“Capitalism plus technology, under many conditions, can generate externalities that exceed the political-economic damage of mercantilism — from unemployment to climate change. Adam Smith needs to meet Complexity economics.” — David Krakauer
If the contemporary global economy has made anything clear, it is that the political and theoretical methods and tools that researchers have inherited are insufficient to deal with the emergent patterns, systems, and phenomena that shape global economic life.
Through a five-year research theme on emergent political economies, funded by the Omidyar Network, the Santa Fe Institute is a hub for developing better theoretical frameworks and methods to understand the social, ecological, and material inequalities at the core of the modern economy.
A series of workshops and working groups will explore various aspects of economic complexity, from how technologies develop to urbanization, banking credit cycles and immigration, to how the arts can offer science fresh perspectives.
SFI is one of five research centers focused on the renewal of political and economic thinking in theory and policy.

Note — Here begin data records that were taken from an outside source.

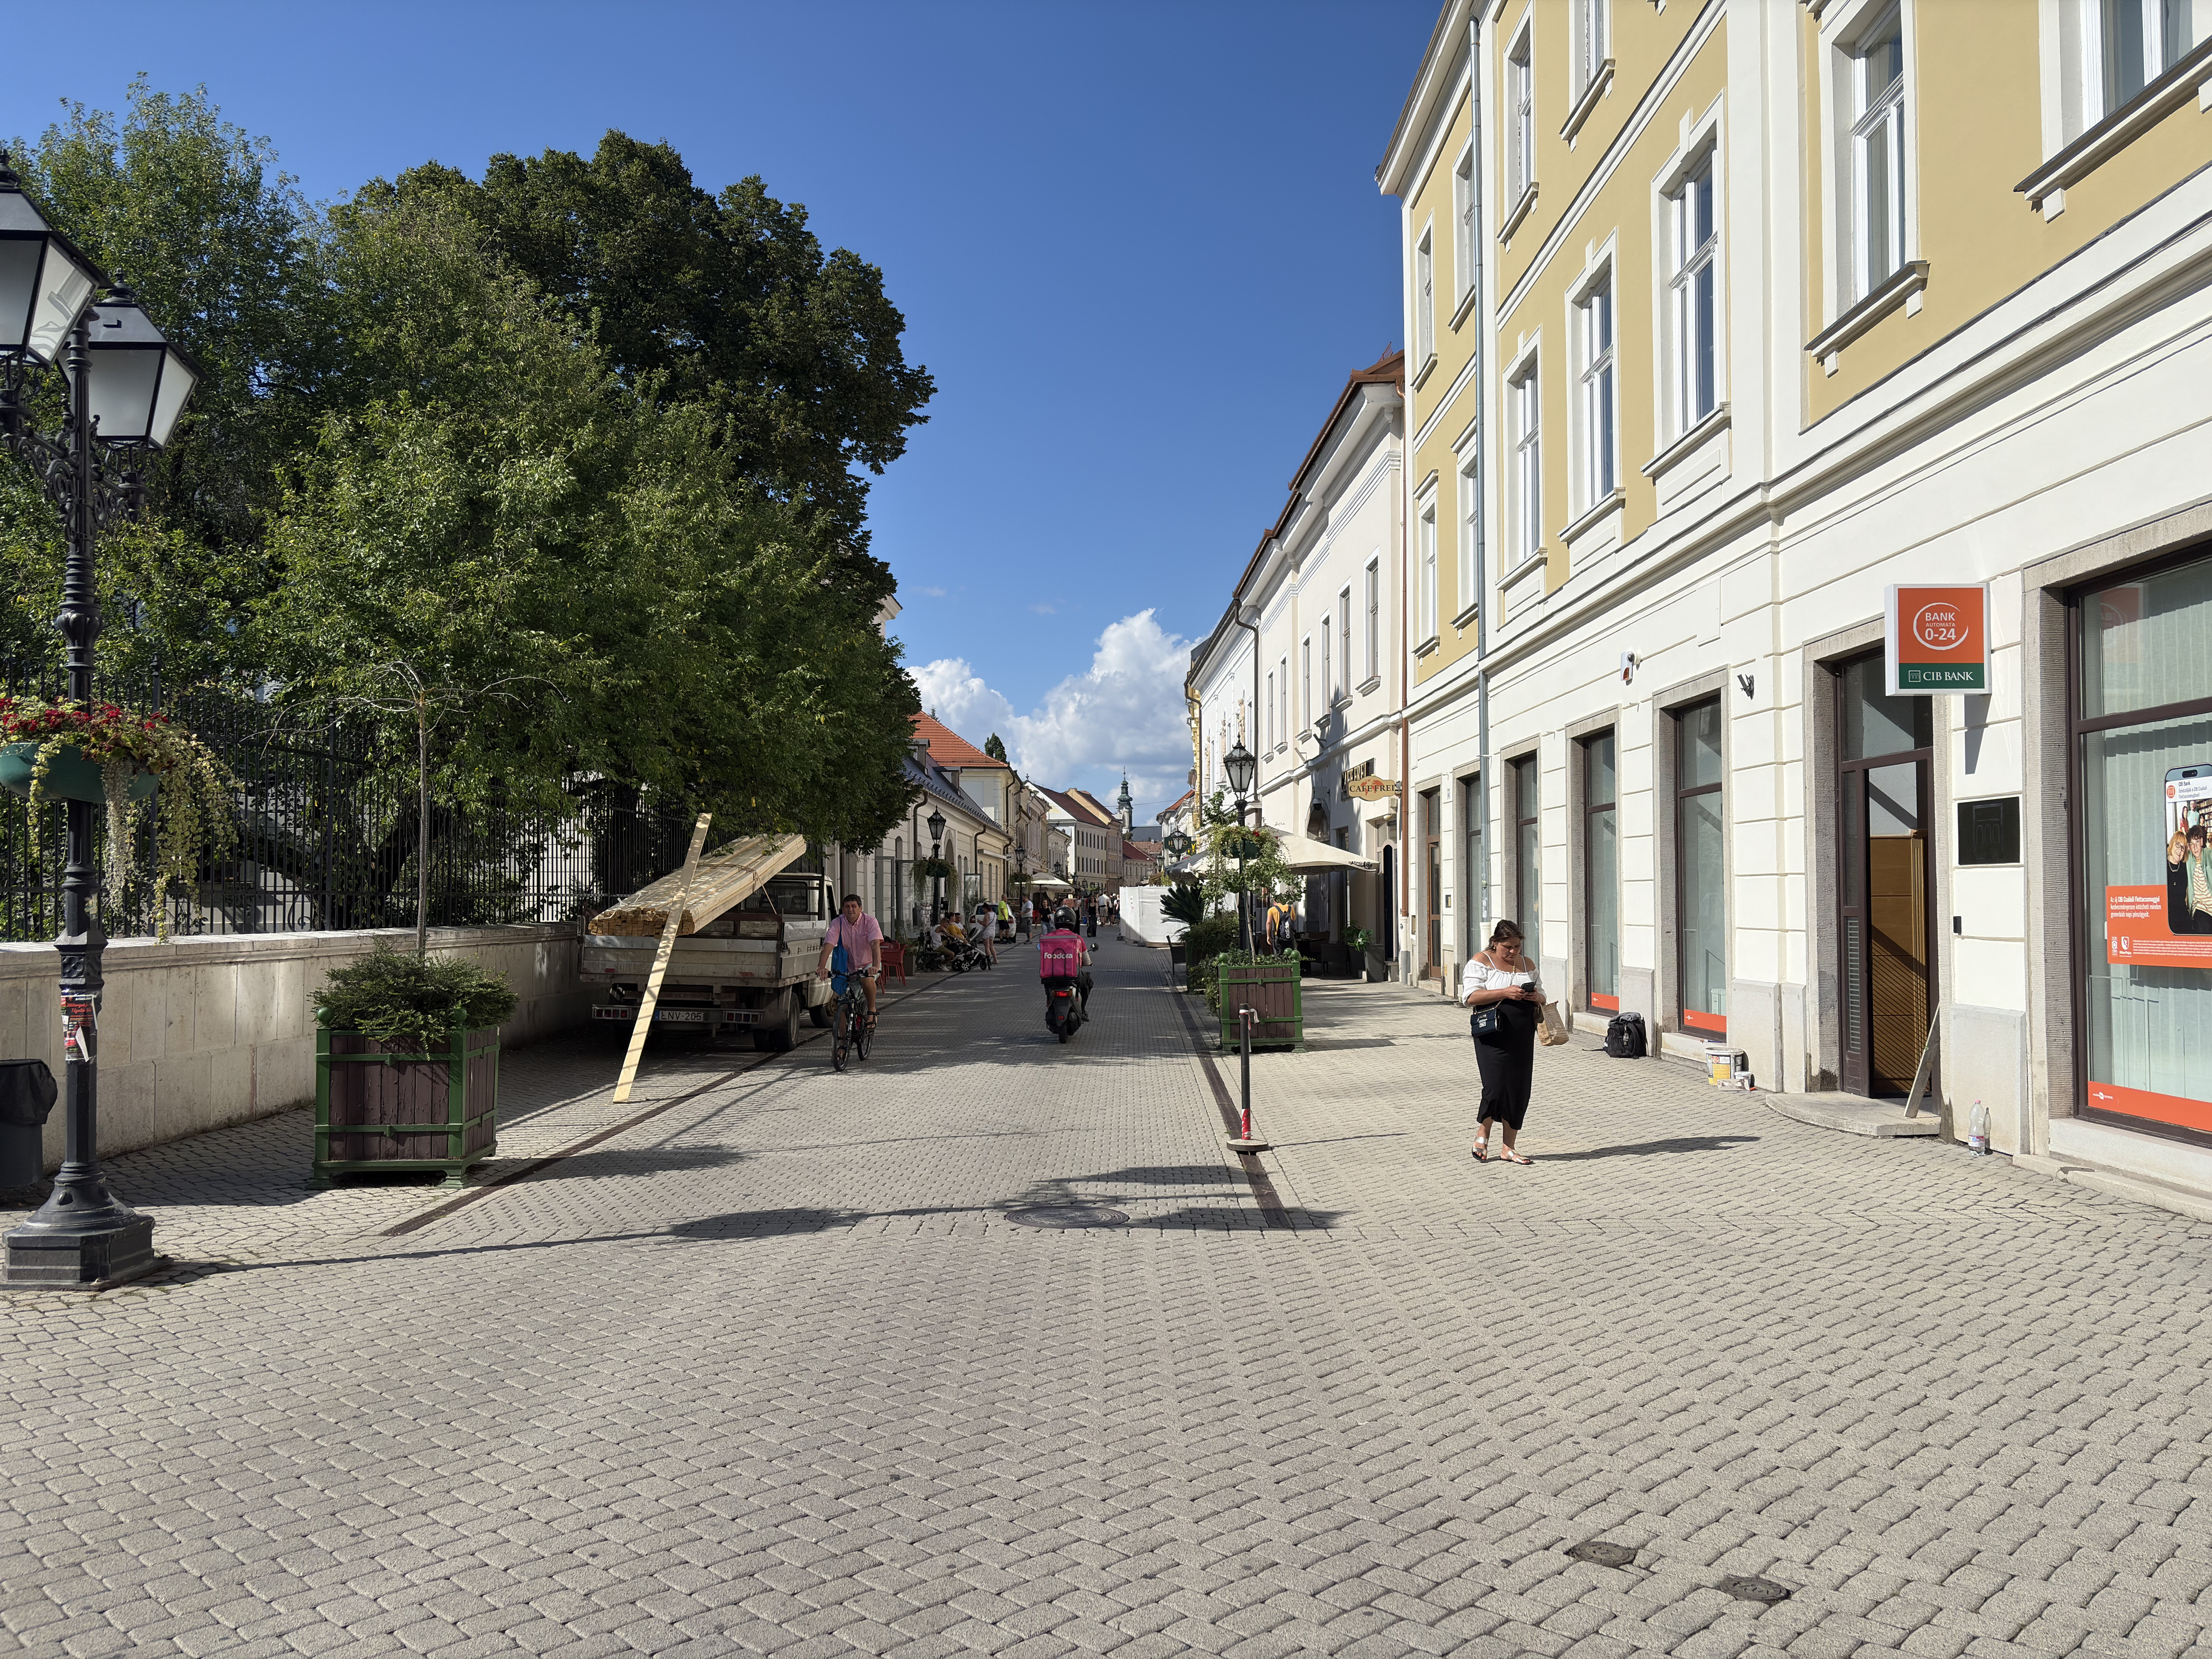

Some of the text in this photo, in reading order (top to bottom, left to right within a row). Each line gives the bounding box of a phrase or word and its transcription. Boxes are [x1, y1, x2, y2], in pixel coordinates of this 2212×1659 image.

[1926, 612, 1955, 621] BANK
[1925, 628, 1956, 640] 0-24
[1923, 671, 1974, 681] CIB BANK
[661, 1011, 702, 1021] LNV-205
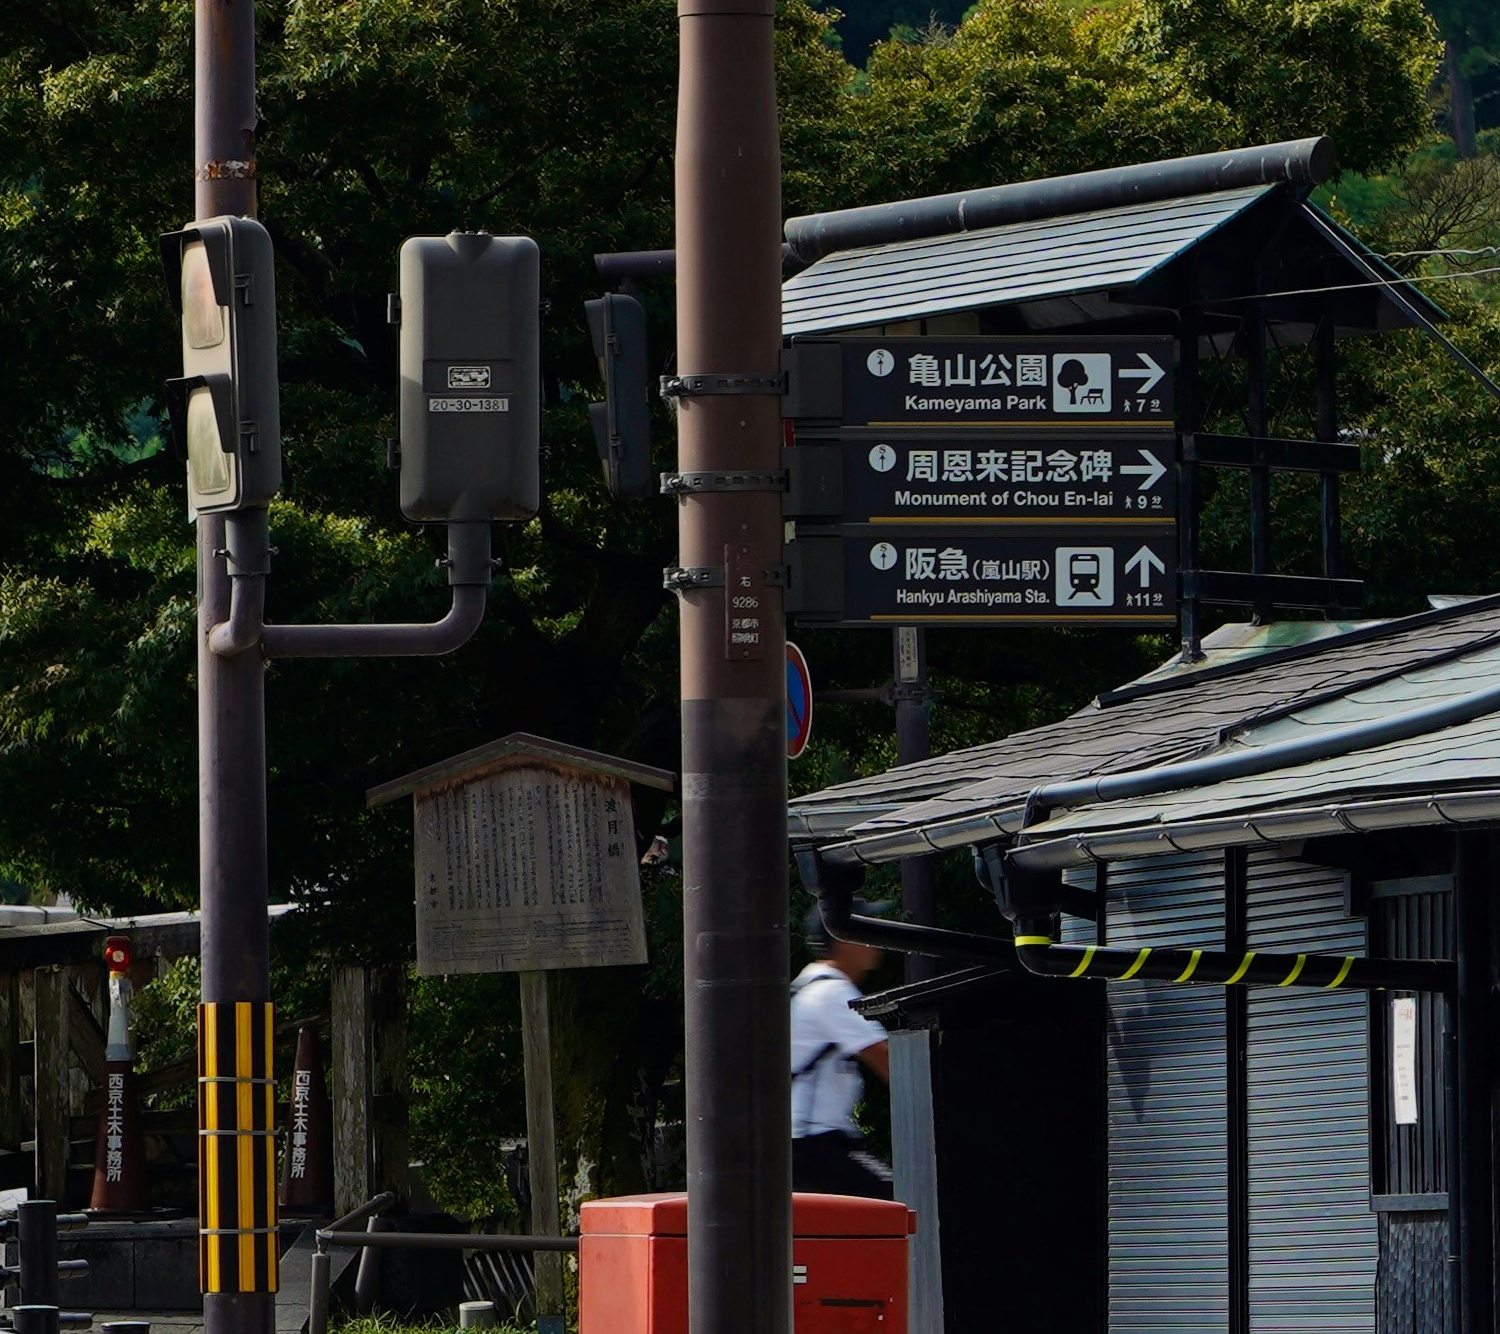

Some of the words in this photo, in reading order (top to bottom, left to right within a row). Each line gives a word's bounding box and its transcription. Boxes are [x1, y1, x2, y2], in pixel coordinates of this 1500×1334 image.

[907, 352, 1048, 387] 亀山公園
[431, 399, 506, 411] 20-30-1381
[904, 394, 1002, 414] Kameyama
[1006, 394, 1047, 410] Park
[905, 448, 1114, 484] 周恩来記念碑
[894, 490, 989, 507] Monument
[991, 490, 1010, 507] of
[1012, 490, 1062, 507] Chou
[1064, 490, 1114, 507] En-lai
[896, 588, 945, 607] Hankyu
[947, 588, 1022, 607] Arashiyama
[1024, 588, 1051, 604] Sta.
[105, 1072, 125, 1183] 西京土木事務所
[289, 1069, 312, 1179] 西京土木事務所
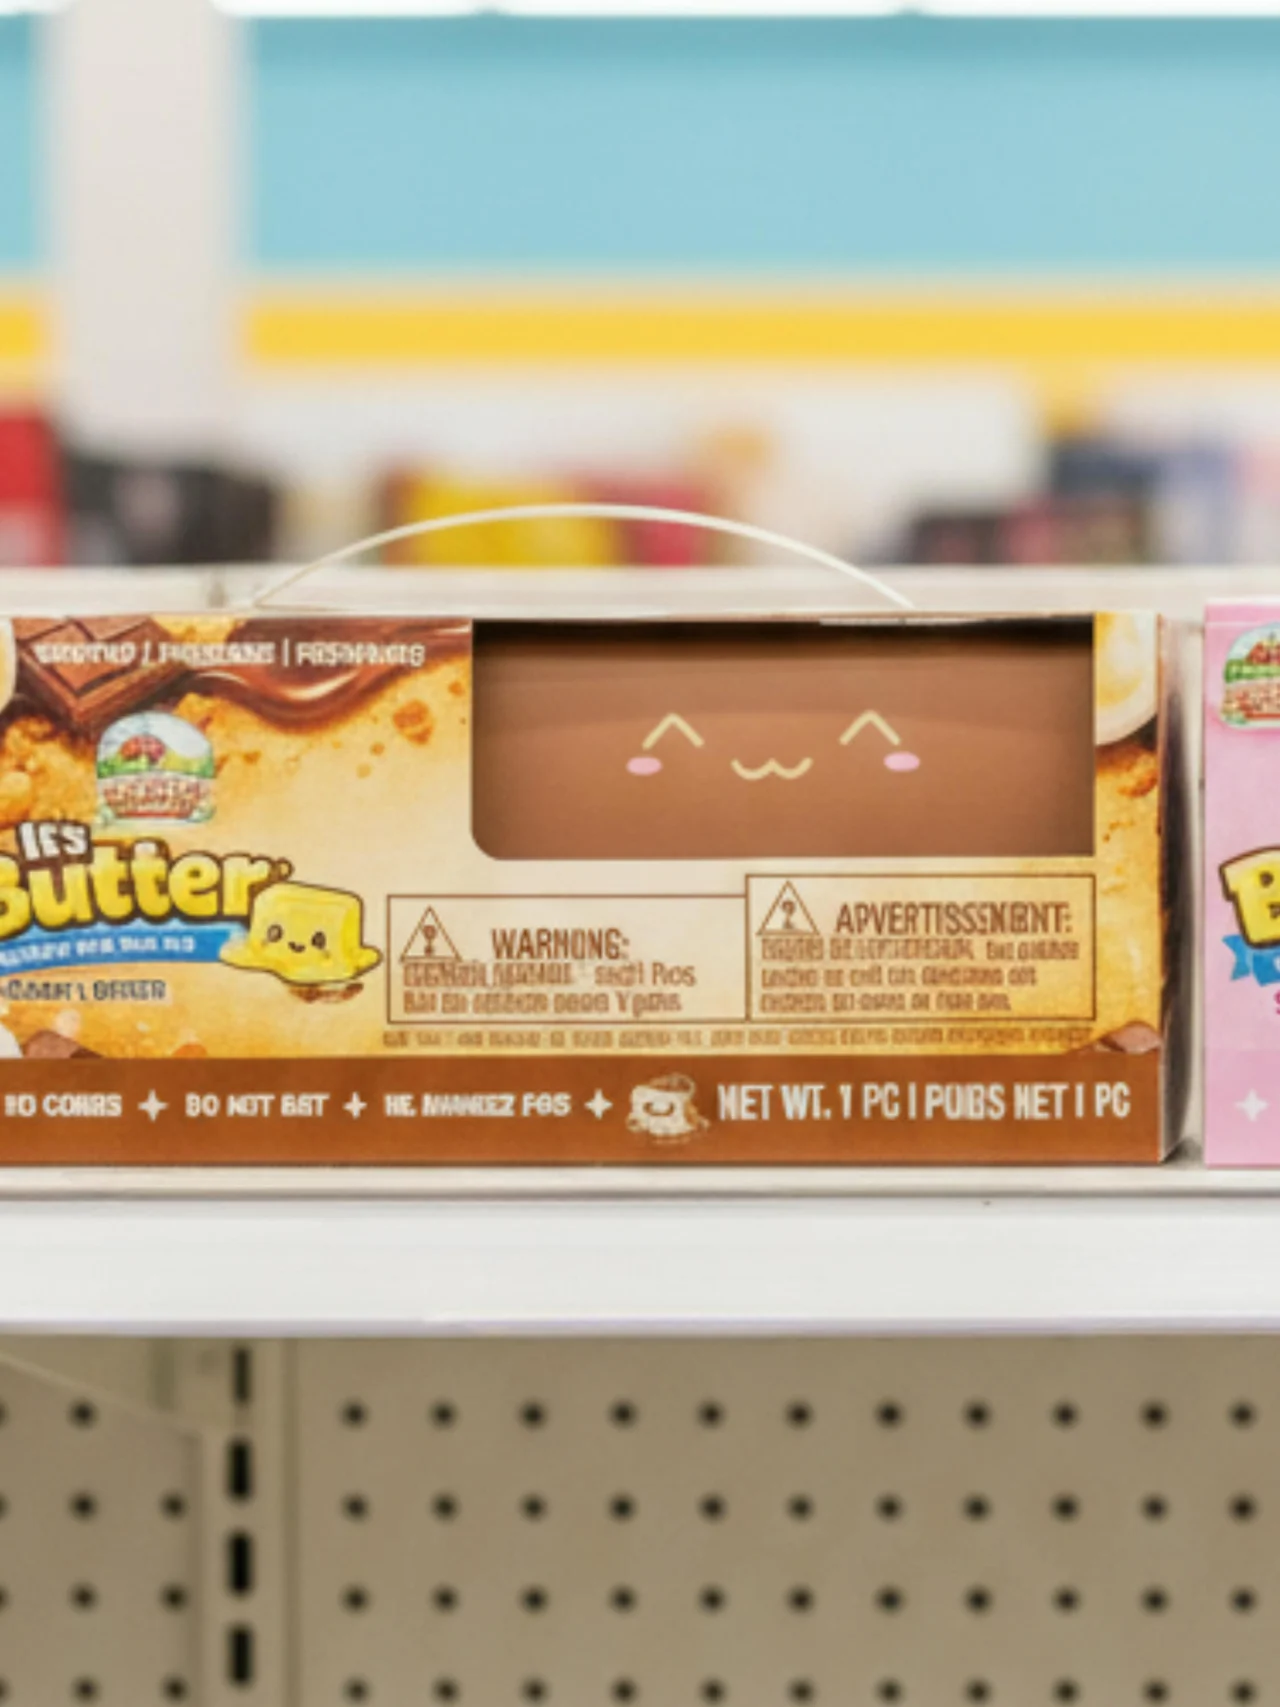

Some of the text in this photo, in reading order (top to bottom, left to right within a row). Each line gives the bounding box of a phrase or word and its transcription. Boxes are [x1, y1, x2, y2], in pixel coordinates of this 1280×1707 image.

The four fellow centers, all supported by the William and Flora Hewlett Foundation, are housed at Harvard’s Kennedy School, Howard University, the Massachusetts Institute of Technology, and Johns Hopkins University.
Ultimately, SFI’s research network and the significant network of fellow institutions together are poised to generate the kind of thinking and theory that will capture the emergent dynamics of a global economic system that we are only beginning to understand.